Cities and Schools

Thematic Inquiry

The Thematic Inquiry course will be a single four-credit course. Whether it is officially team-taught or not, it will involve the strategic participation of faculty members, community members, and alumni working in cities and schools broadly defined.

The Thematic Inquiry course will be arranged into modules that address historical, philosophical, sociological, and psychological inquiry, respectively, through a focus on major “strands” related to life and learning in “the city.” Each module will integrate opportunities for creative, quantitative, and critical analysis.

The content of the modules – and perhaps the modules themselves, to some extent – will shift to some degree each time the course is taught and contingent upon the expertise and interests of the instructor(s)teaching it. For example, in one semester, modules might be organized as follows: health and human services in the city; education in the city; art and design in the city; economics in the city; and science in the city. In each module, students would explore key issues and innovations, particularly (and comparatively) those that emerge from the New London-area context, its conditions and dynamics, and its efforts toward transformative change. In addition, each module would engage students around readings from various disciplinary perspectives and would present opportunities to interact with guests/speakers who bring different vantage points, backgrounds, and experiences.

Altogether this would provide students the chance to explore how questions related to any module(s)/strand(s) take shape differentially across disciplines and how methods of inquiry and action likewise shift; at the same time, students would be developing a sense of what different disciplines and approaches offer, alone and together, when it comes to understanding a particular context and addressing a particular issue as it relates to urban and educational studies.

These modules, in turn, would yield to a final module wherein students would have the opportunity to explore topics/issues of their own choosing, read around them (i.e., from different disciplinary perspectives and attending to different kinds of work), and refine their animating questions accordingly.

Required Course

Curricular Itinerary Courses

Course List

Suggested Global-Local Engagement

A wide range of study away opportunities in/around urban centers (whether U.S.-based or international) would be relevant to students in the Cities and Schools Pathway. Students would work with the Pathway coordinator and Office of Study Away to determine the best fit, taking into account academic interests, area studies, language competencies, long-term/post-graduate aspirations, and the intended learning outcomes of this Pathway (see below). A few examples, all of which have been pursued at one point or another by students at Connecticut College, are included below:

• The School for International Training’s (SIT) program Chile: Comparative Education and Social Change, within which students study educational policies, practices, and problematics in Chile and Argentina.

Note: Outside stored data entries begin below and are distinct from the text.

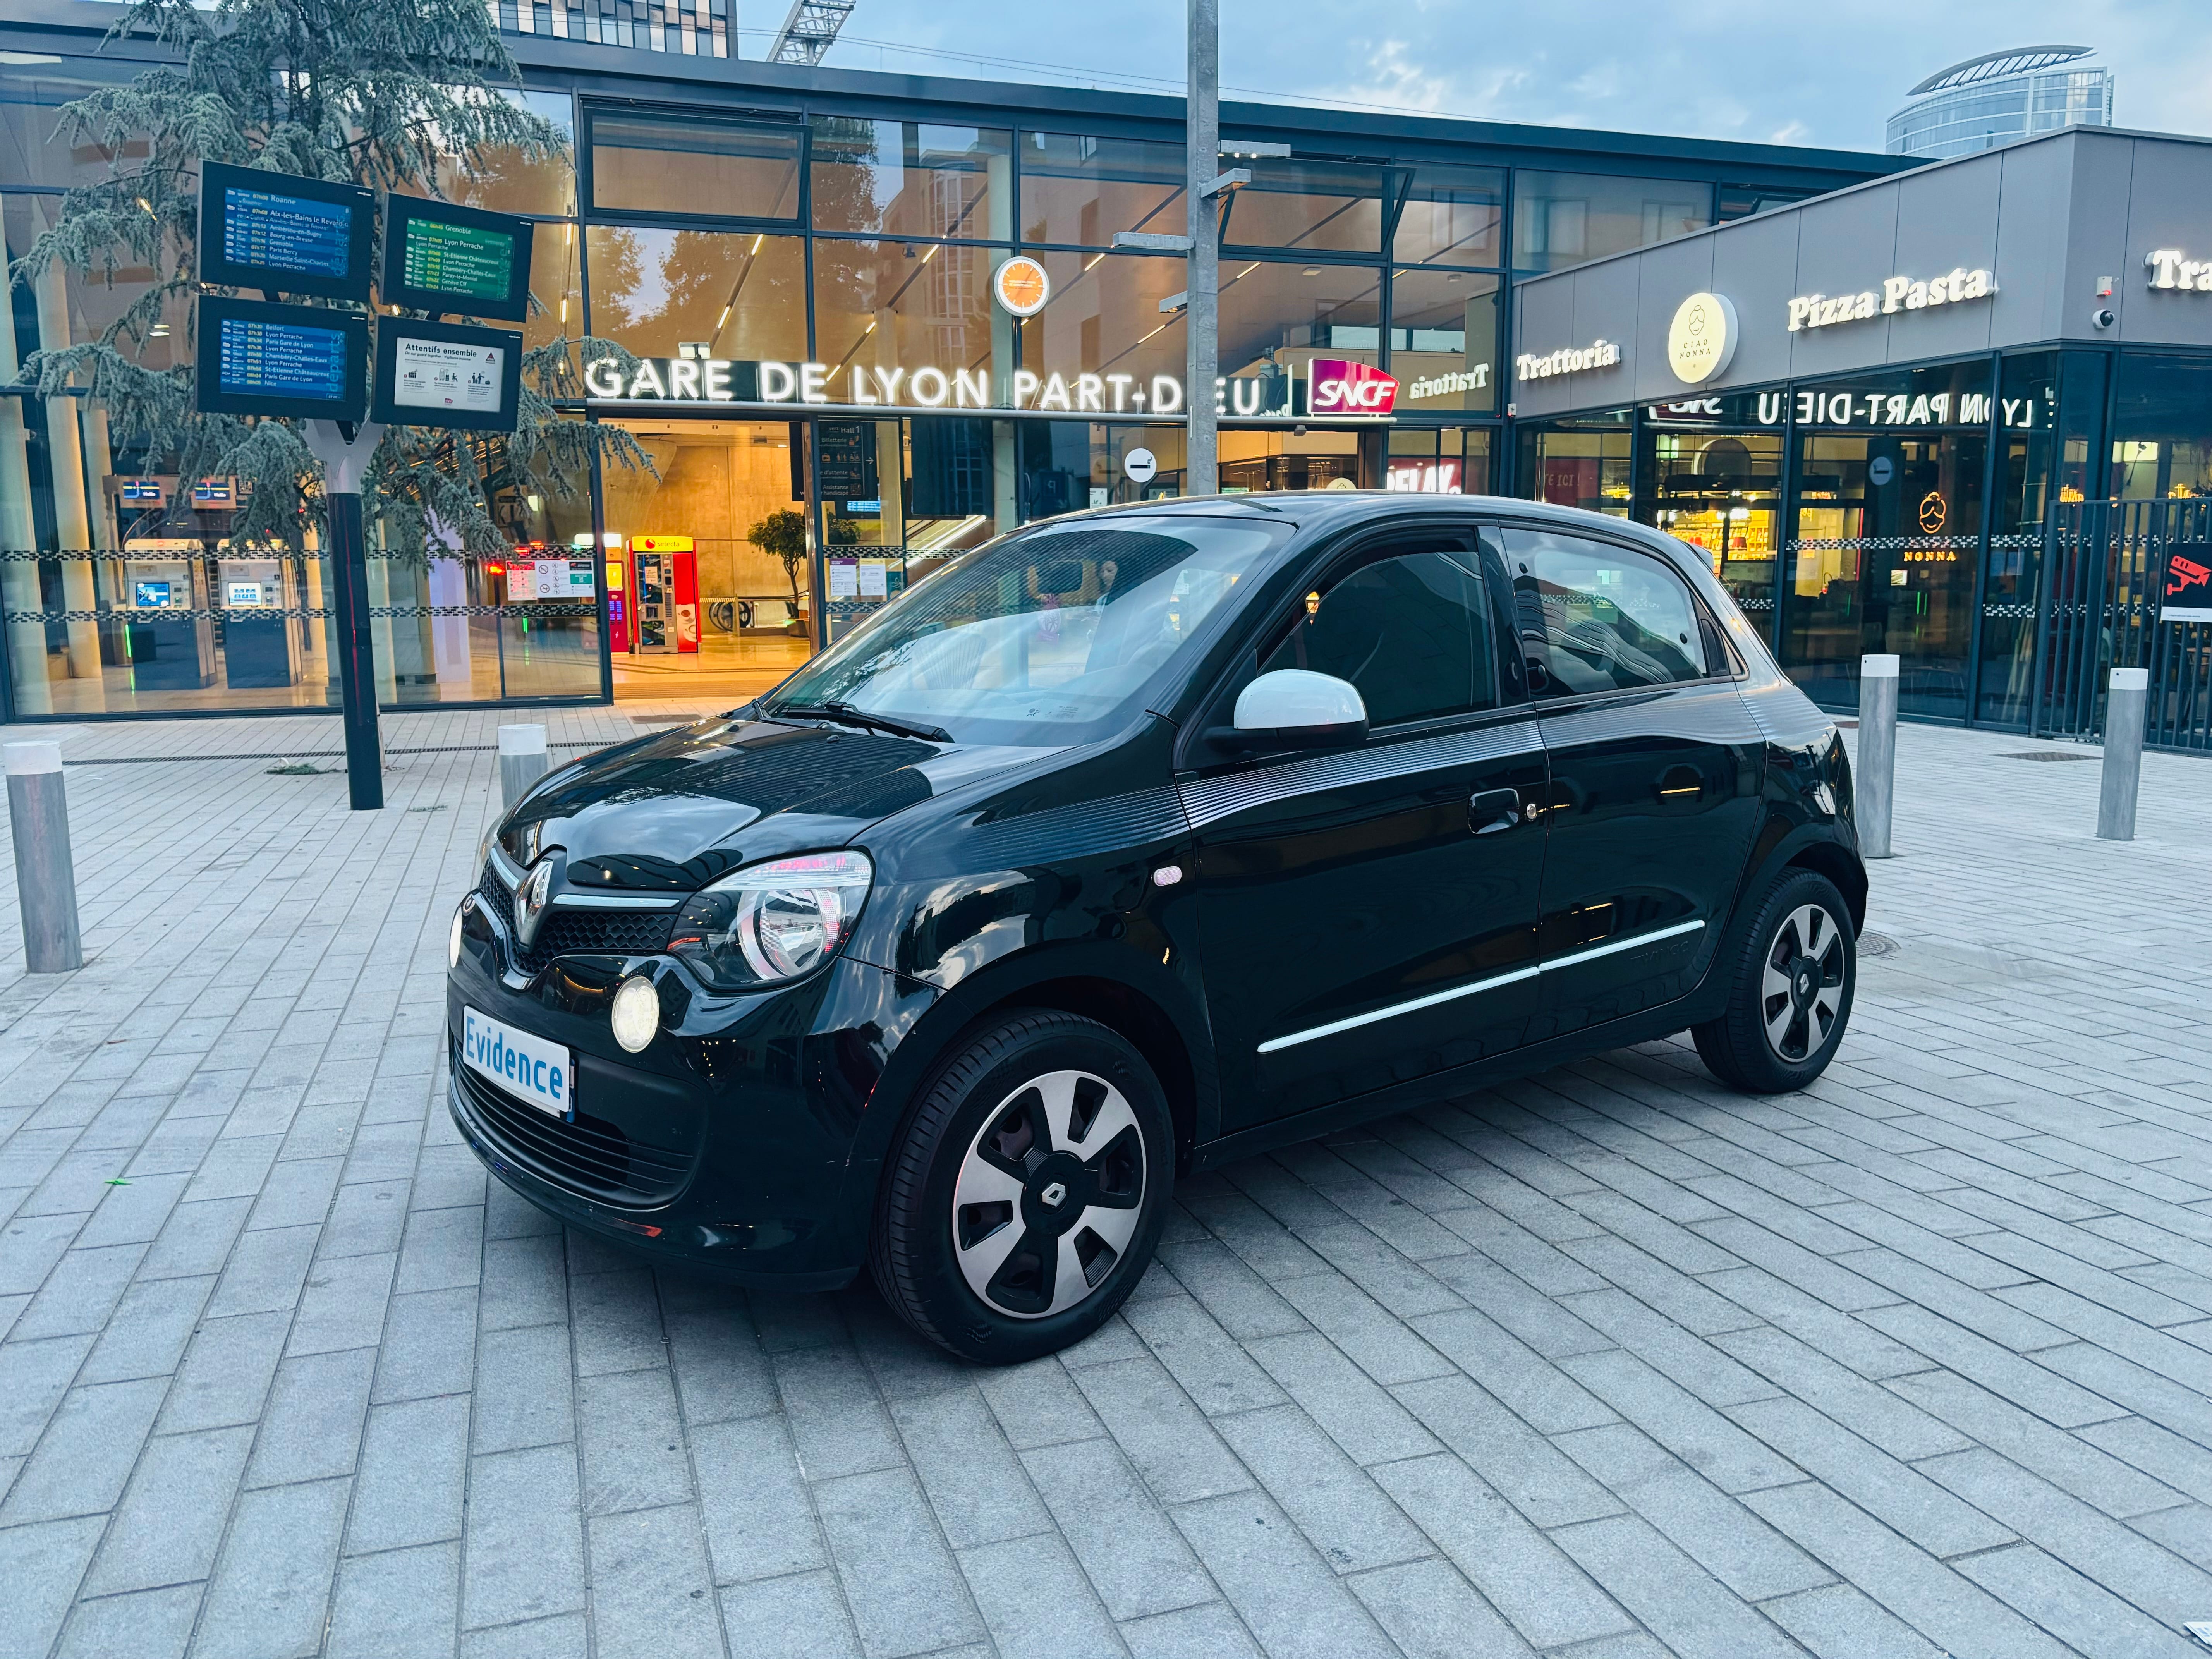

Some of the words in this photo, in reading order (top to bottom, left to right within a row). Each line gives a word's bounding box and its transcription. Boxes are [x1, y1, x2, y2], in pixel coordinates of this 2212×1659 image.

[271, 194, 296, 205] Roanne
[270, 210, 312, 222] Aix-les-Bains
[321, 218, 343, 226] Revard
[445, 225, 471, 235] Grenoble
[270, 232, 313, 243] Bourg-en-Bresse
[270, 239, 293, 247] Grenoble
[460, 240, 484, 250] Perrache
[283, 248, 298, 256] Bercy
[294, 257, 329, 266] Saint-Charles
[1786, 293, 1879, 332] Pizza
[1882, 267, 1994, 314] Pasta
[1683, 339, 1707, 349] CIAO
[405, 343, 441, 353] Attentifs
[443, 349, 477, 357] ensemble
[1680, 348, 1710, 359] NONNA
[265, 352, 327, 363] Chambéry-Challes-Eaux
[1516, 339, 1620, 381] Trattoria
[585, 357, 732, 400] GARE
[760, 361, 827, 402] DE
[853, 365, 988, 406] LYON
[1013, 371, 1261, 414] PART-DU
[1314, 379, 1396, 408] SNCF
[1903, 551, 1956, 562] NONNA
[466, 1015, 563, 1100] Evidence

• The Danish Institute for Study’s (DIS) program Child Development and Diversity in Denmark, within which students study Scandinavian approaches to child development, including some of those most heralded for their progressive, pro-child pedagogies and professionalized teaching force.

• The Center for Cross Cultural Studies (CCCS) program Education and Spanish Studies in Seville, Spain, wherein students study language and pedagogy, while also participating in a structured practicum experience in local schools.

• The IES program Berlin Metropolitan Studies, which is not officially approved at Connecticut College; however, it would be a great consideration, given prior students’ experiences, and its targeted coursework in Urban Studies – in fields such as sociology, Gender and Women’s Studies, and politics.

• Connecticut College’s Study Away Teach Away (SATA) program in Cuba and Mexico, within which students study a broadly conceived understanding of revolution from two very different ideological perspectives, with a focus on how the different organizational structures in question operate.

• The SIT Study Abroad program India: Public Health, Gender and Community Action, in New Delhi, which “explores links between public health, policy advocacy, and community in India, with a focus on marginalized and vulnerable populations.”

Depending on their areas of focus in and beyond Cities and Schools, internships could occur in K-12 schools, as well as early childhood and/or eldercare settings; community organizations that address literacy, learning, adult or youth development, education advocacy, and so on; government offices, including those of elected officials at all levels of the system (i.e., local, state, federal); professional bodies representing various stakeholders, including city residents, educators, counselors, parents, students, workers, etc.; entities that work on behalf of the rights of various interest groups, such as youth with designated disabilities, undocumented immigrants, bi-/multi-lingual speakers, etc. The options are nearly endless. However, the options would differ somewhat depending upon whether students were engaged in internships during the semester, when they typically need to be in close proximity to New London, or during summers (or semesters away), when internships could take place in a wider array of spaces and structural arrangements.

Ideally, community-based learning experiences would complement and build on one another in ways that are mutually beneficial for college students moving through the Pathway and for the broader community (i.e., intentionally sequenced experience that build students’ knowledge in ways that positively impact work in/with the community, rather than haphazard and/or fractured experiences that do not build to deeper/broader understandings and therefore require undue labor on the part of community partners). How precisely these experiences should be structured and linked to one another depends upon the learning goals of the courses within which the community-based learning experiences are embedded, in conversation with the broader learning goals of the Pathway writ large.